Hard to pick clear winner from L3.2 1B alone. But encouraging to see KLD dropping 4-8% with most multipliers at all bitrates.

0xCAF6A435 looks promising. If these KLD improvements are actually indicative of:

2.0 bit = 6-12% higher fidelity
3.0 bit = 0.5-4% higher fidelity
4.0 bit = 4.5-5% higher fidelity

REMAINING TODO:

collect Llama 3 70B Instruct data
spot check 1.0bit and 5.0 quants
sweep through 1MAD params to see how best ones perform

louiehelm · 2025-05-10T13:21:35Z

0x00D0AA65 testing showed less improvements + more regressions than the best multipliers.

It's the only good 24-bit multiplier so in theory a sicko could:

asm volitile("mul24.lo.u32 %0, %1, 0x00D0AA65;" ...

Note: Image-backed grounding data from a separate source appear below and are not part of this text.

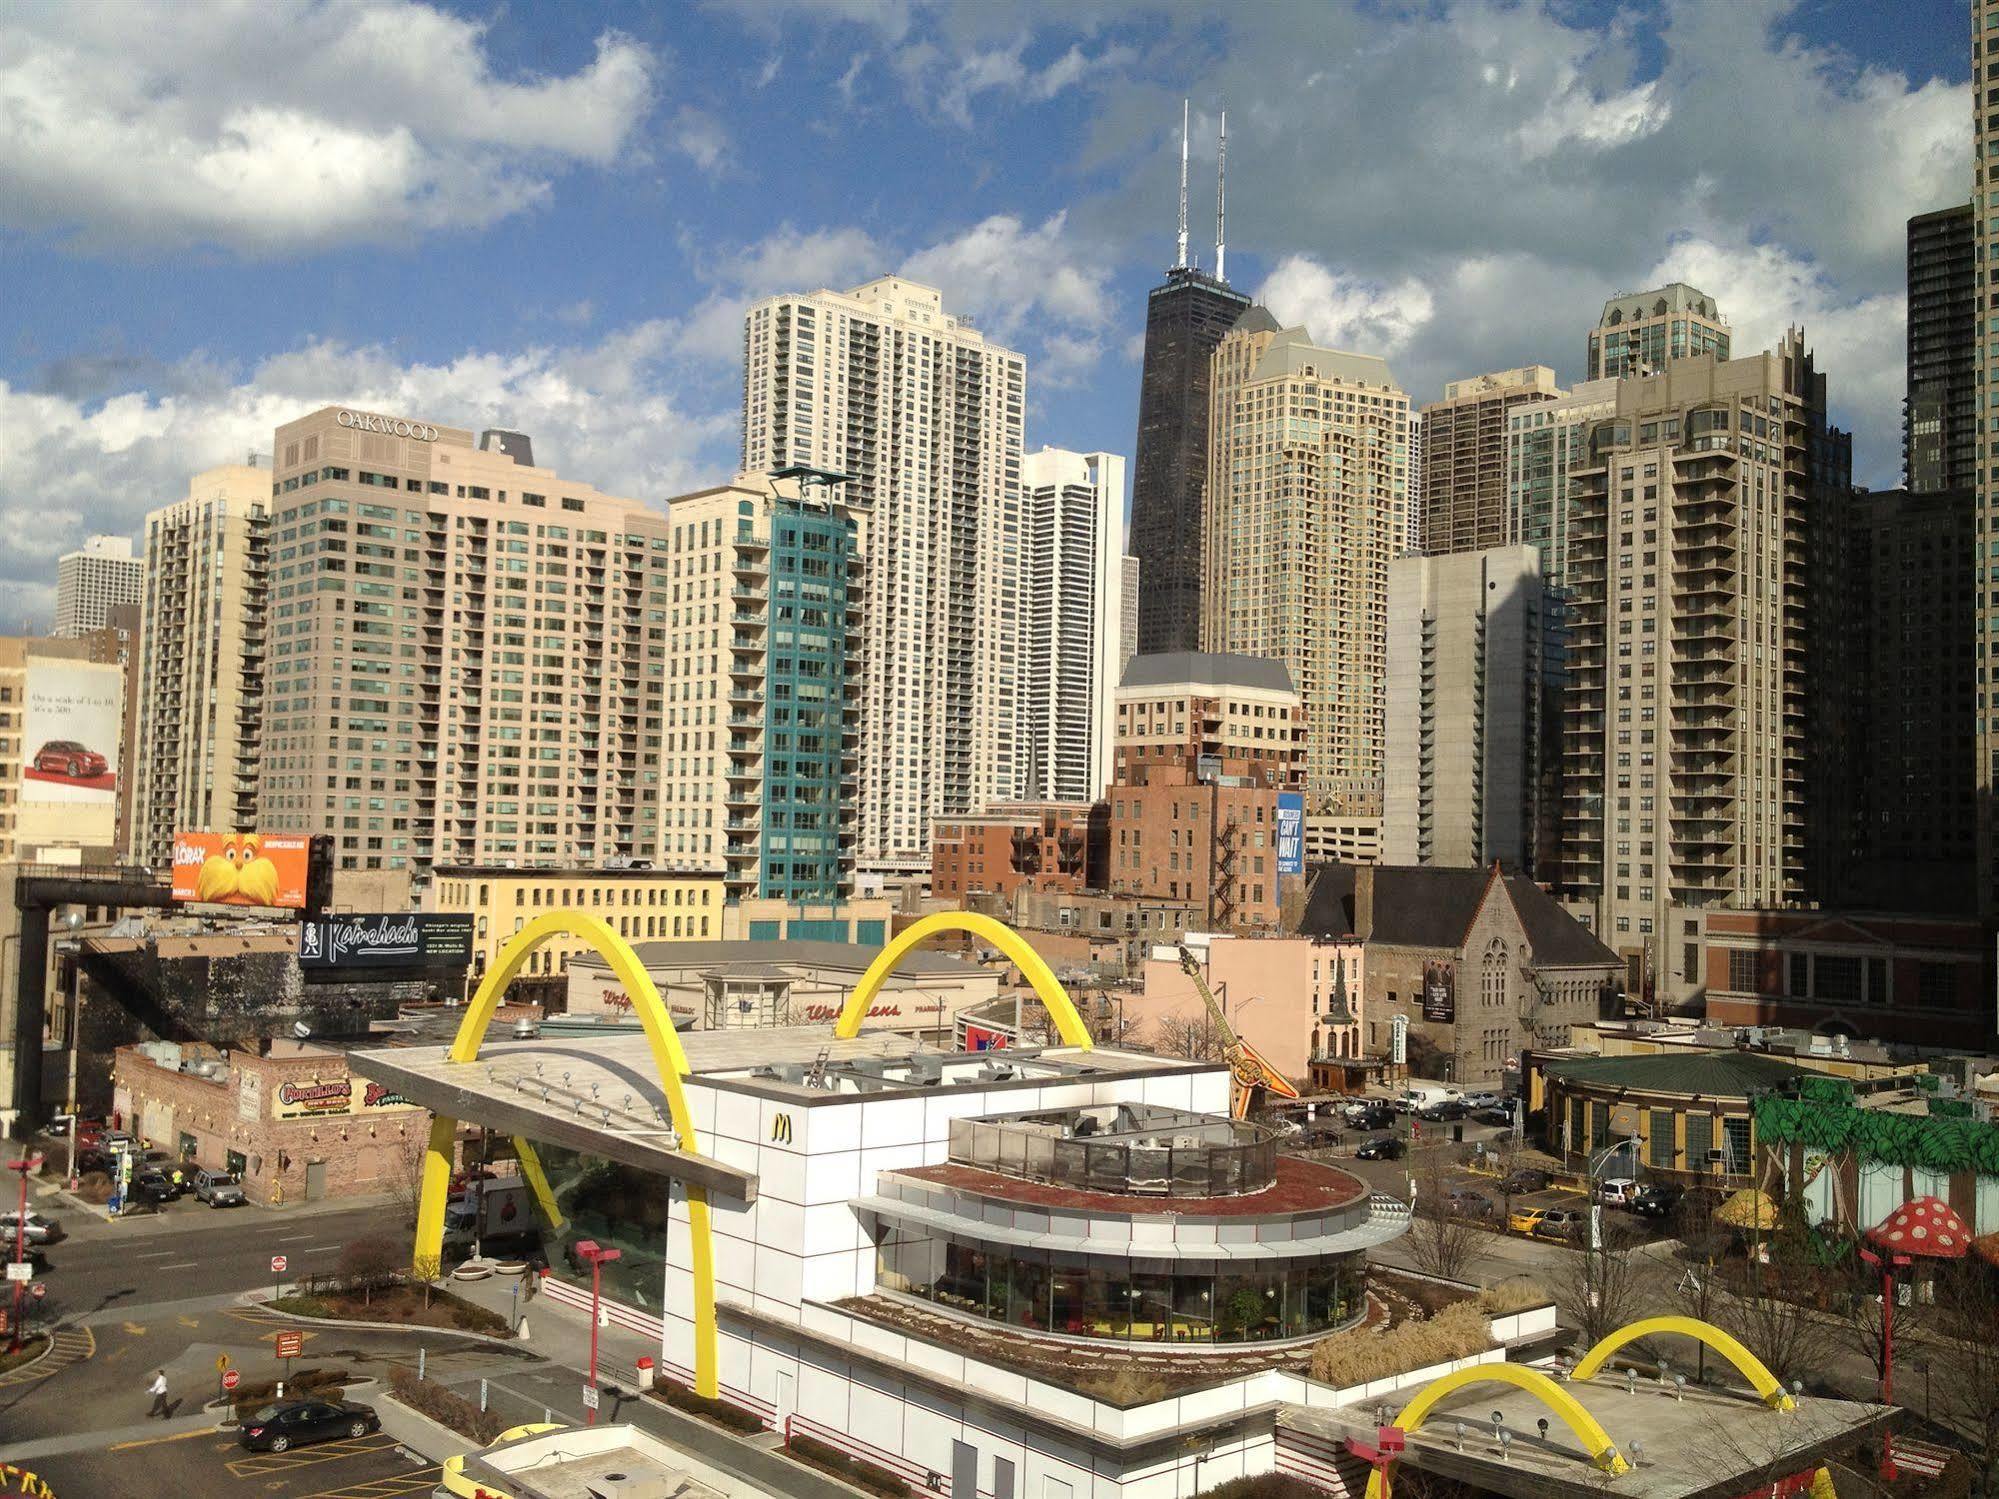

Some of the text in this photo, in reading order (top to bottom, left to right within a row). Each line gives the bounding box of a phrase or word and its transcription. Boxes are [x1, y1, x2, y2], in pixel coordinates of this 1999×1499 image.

[337, 410, 438, 442] OAKWOOD
[32, 693, 46, 702] On
[1280, 820, 1299, 836] CAN'T
[174, 845, 206, 865] LORAX
[1279, 837, 1299, 858] WAIT
[172, 888, 191, 897] MARCH
[329, 915, 419, 963] Kamehachi
[806, 1004, 902, 1021] Walens
[382, 1095, 404, 1104] PASTA
[224, 1375, 240, 1384] STOP

Not seeing speedup on Blackwell from this. Supposedly mul24 isn't faster anymore on modern cards. So unless you see big speed boosts on Ampere, there's no compelling reason to consider 0x00D0AA65 over the other options.

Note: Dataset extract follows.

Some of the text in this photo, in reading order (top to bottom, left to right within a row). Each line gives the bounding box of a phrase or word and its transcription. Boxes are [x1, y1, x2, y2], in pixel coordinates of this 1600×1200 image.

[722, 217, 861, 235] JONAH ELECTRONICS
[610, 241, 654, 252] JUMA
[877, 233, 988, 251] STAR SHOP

70B: 0xCAF6A435 looks best. Some merit in considering 0xFF7A83E5 which typically has better 2bit and 3bit performance.

0xCAF6A435 is more well-rounded at all bitrates though.

1.0bit and 1.5bit look much better with 0xCAF6A435. KLD regression at 5 bit is only 0.0001. On other hand, improvement at 1 bit was KLD: 4.82 --> 4.61 PPL: 1506 --> 1126.

Not implying sub-2bit quants will be good now, but for narrow use cases where 1.8bpw quants fits a specific GPU but 2.0bpw can't, 0xCAF6A435 degrades more gracefully than default 3INST.

Can you start testing 0xCAF6A435 to confirm it's a good candidate? I think either that or 0xFF7A83E5 would be best.

Remember to update codebook_scale = std dev in quantize.py for best performance.

0xCAF6A435 = 1.206441
0xFF7A83E5 = 1.199048

turboderp · 2025-05-11T14:16:07Z

Currently everything's tied up testing block-sparse layers. I've got scripts queued for the next several days just quantizing and testing. Not looking forward to the electricity bill :|

As for codebook_scale, were you testing this with the global scale search enabled? Because in theory that should override the base scale anyway. And it definitely needs to be accounted for, since some models break badly without the full scaling applied (Llama happens to be very well-behaved and I'm not sure it's all that representative at the end of the day.)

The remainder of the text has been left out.